Ohfrancis review
Eva Plazewska’s review of J the R for www.ohfrancis.com
As a writer for Hot Press magazine and regular contributor to RTE’s The View, Peter Murphy is—no doubt—a man about town on the Dublin scene. Thankfully then, his first novel, John the Revelator, takes you far from this milieu and drops you in some sort of rural Gothic Wexford. Joining John and his mother Lily on Ballo Strand, we enter a story rooted tight in place but adrift in the past fifty years of Irish small-town life. You will go strawberry picking, to the amusements, to the disco. And all the while, signs and portents abound and there is even the suggestion of dark magic.
John is an isolated and strange boy, obsessed with parasites and bedevilled by nightmares. The relationship between himself and his mother forms the hard knot at the novel’s centre but the story grows only as this is increasingly unravelled by outside influences. Until the arrival of Jamey Corboy, the reader may as well be in the 1950’s Ireland of John Broderick’s novels: a claustrophobic and damp place harbouring a parochial distrust of difference. The new boy brings John up to speed on such new-fangled concepts as attractive mothers, African immigrants and the works of Rimbaud. The teenagers form a mismatched friendship, with John the mammy’s boy bumpkin and Jamey the townie sophisticate. But it is John who leads them into trouble the night they desecrate the chapel and Jamey who takes the fall.

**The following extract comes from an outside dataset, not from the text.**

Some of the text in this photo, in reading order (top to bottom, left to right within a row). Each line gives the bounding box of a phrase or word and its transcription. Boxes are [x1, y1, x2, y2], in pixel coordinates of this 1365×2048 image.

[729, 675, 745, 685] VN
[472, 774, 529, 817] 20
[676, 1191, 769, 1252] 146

As Jamey educates John in the ways of the world, the sickly Lily withdraws. In her weakness she allows her friend Mrs. Nagle to take control of the household. Though she espouses a purse-lipped Christian morality, Mrs. Nagle’s presence hints at witchiness, at voodoo. As Lily shrinks to skin and bone, her friend grows larger and more sinister. But as with John’s prophetic dreams, Mrs. Nagle’s ‘true nature’ remains obscured. Murphy has a deft touch when it comes to the mystical: it is a powerful undercurrent that never swamps the story yet lurks always in the corner of the eye, threatening.

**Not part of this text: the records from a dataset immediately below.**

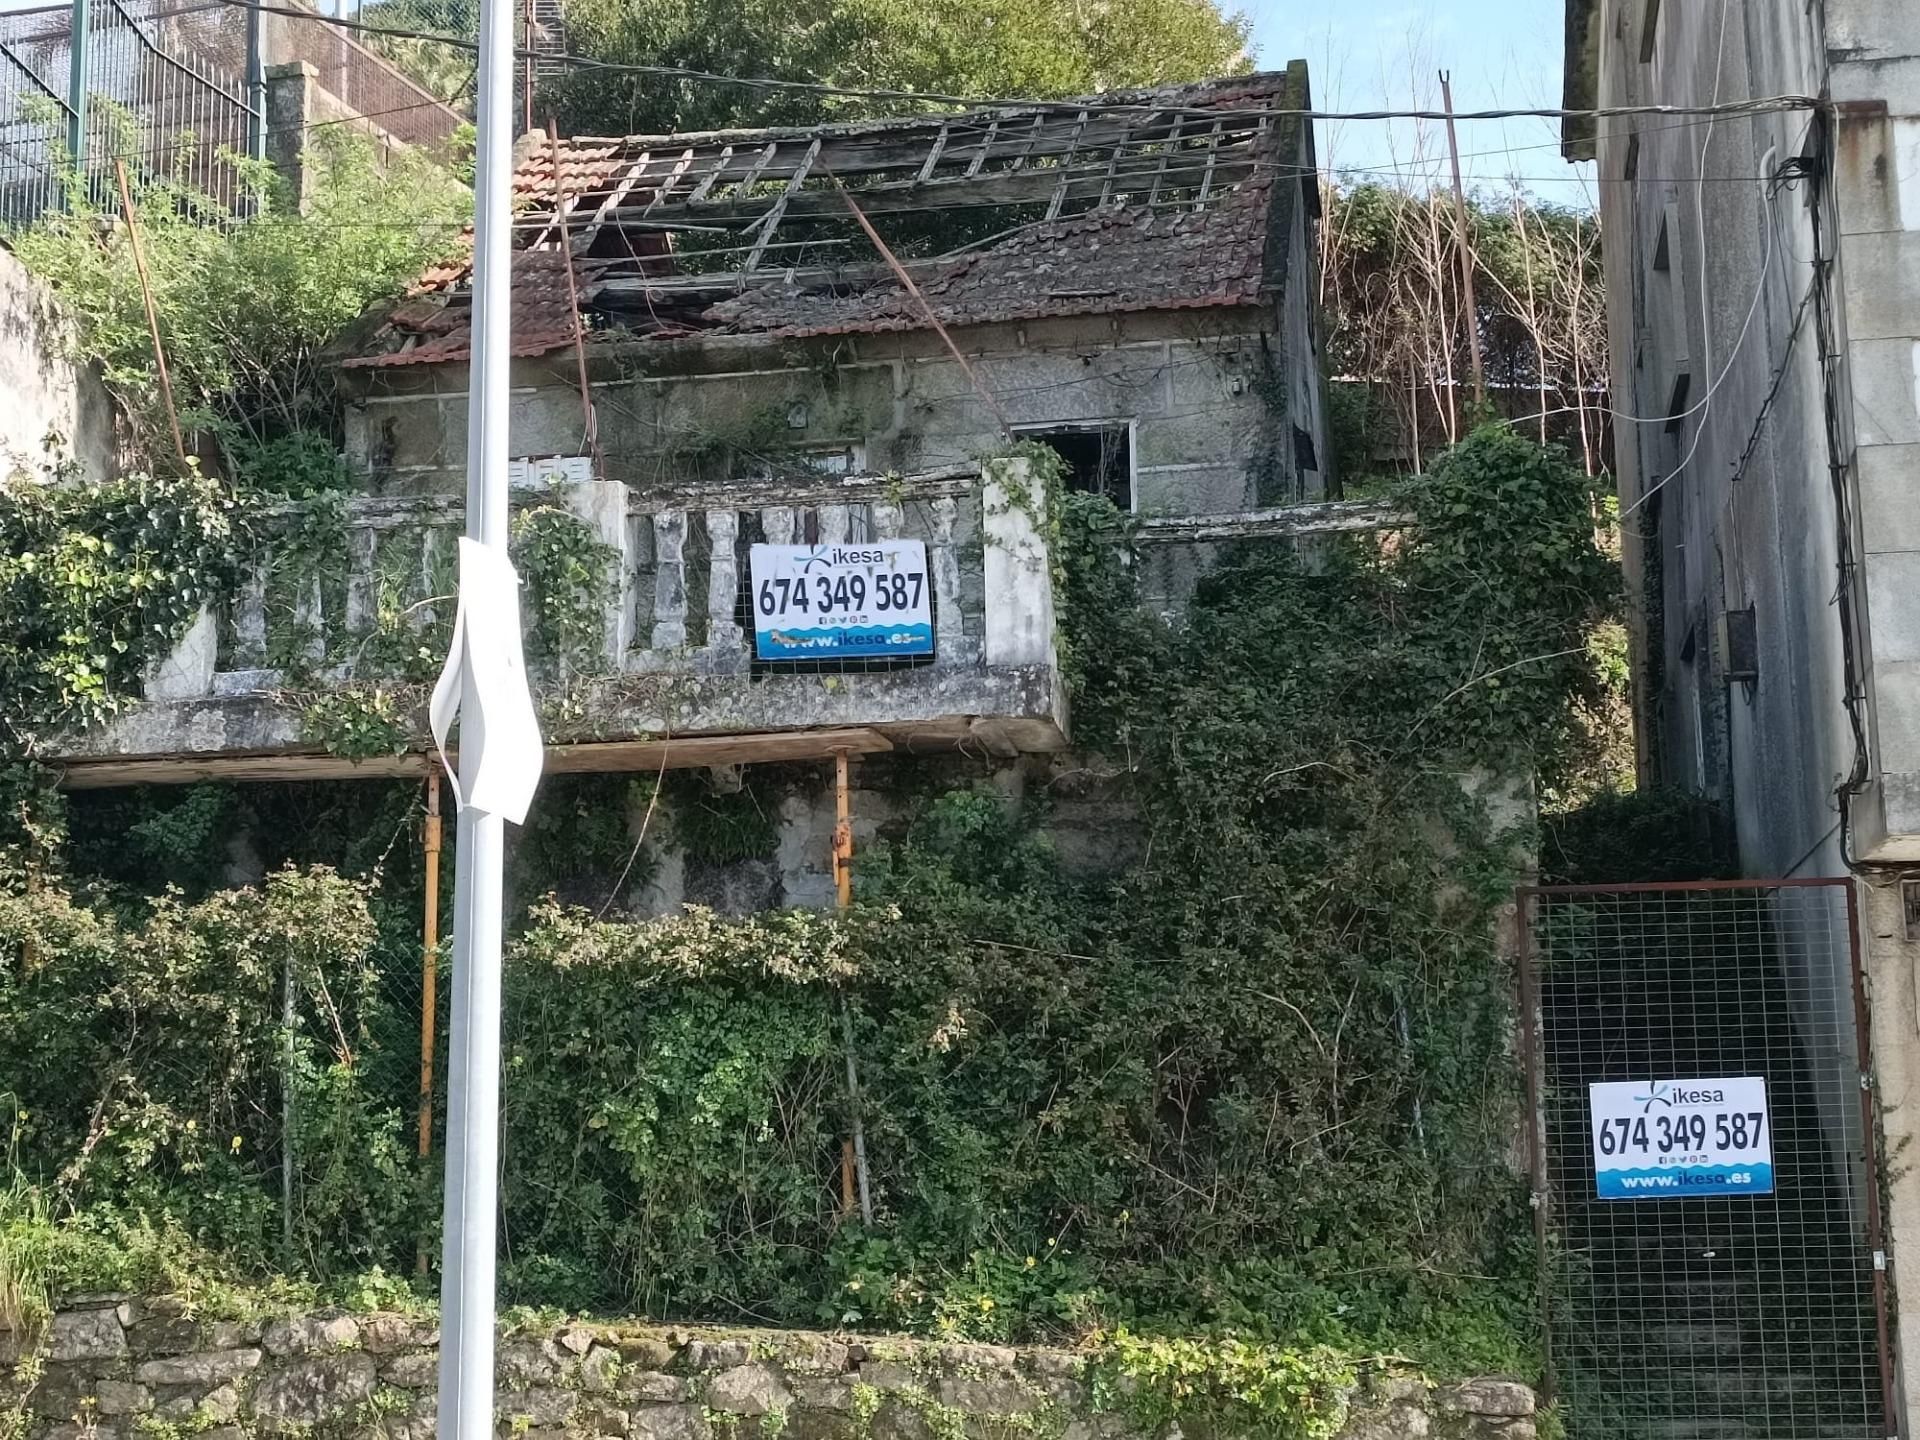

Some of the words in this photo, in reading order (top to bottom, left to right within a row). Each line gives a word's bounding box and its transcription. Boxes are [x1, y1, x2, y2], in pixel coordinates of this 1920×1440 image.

[832, 548, 884, 565] ikesa
[759, 578, 809, 616] 674
[816, 574, 866, 613] 349
[875, 572, 923, 611] 587
[1672, 1087, 1724, 1104] ikesa
[1599, 1118, 1649, 1155] 674
[1656, 1114, 1706, 1153] 349
[1715, 1112, 1763, 1151] 587
[1621, 1171, 1752, 1189] www.ikesa.es

Indeed, the revelatory promise of the novel’s title is never brought to fruition. As in life and the better kind of art, you are left to your own conclusions. This is a stark novel: you feel the damp and the cold in Lily’s house, you see the wild grey sea that churns and drowns on those long Wexford beaches. Reading this novel, you get yourself stuck for a while in a strange corner of Ireland, one which may well boast an Afro-Caribbean food store but remains in thrall to the Mrs. Nagles of the world.
But for all the cold uncaringness this landscape describes, there is humanity in the characters, who strike true in their awkwardness, their unpredictability and their willingness to forgive each other their trespasses. John the Revelator is not a rock ‘n’ roll novel by any means but this little book has a quiet power. It will stick to your bones long after the read is done.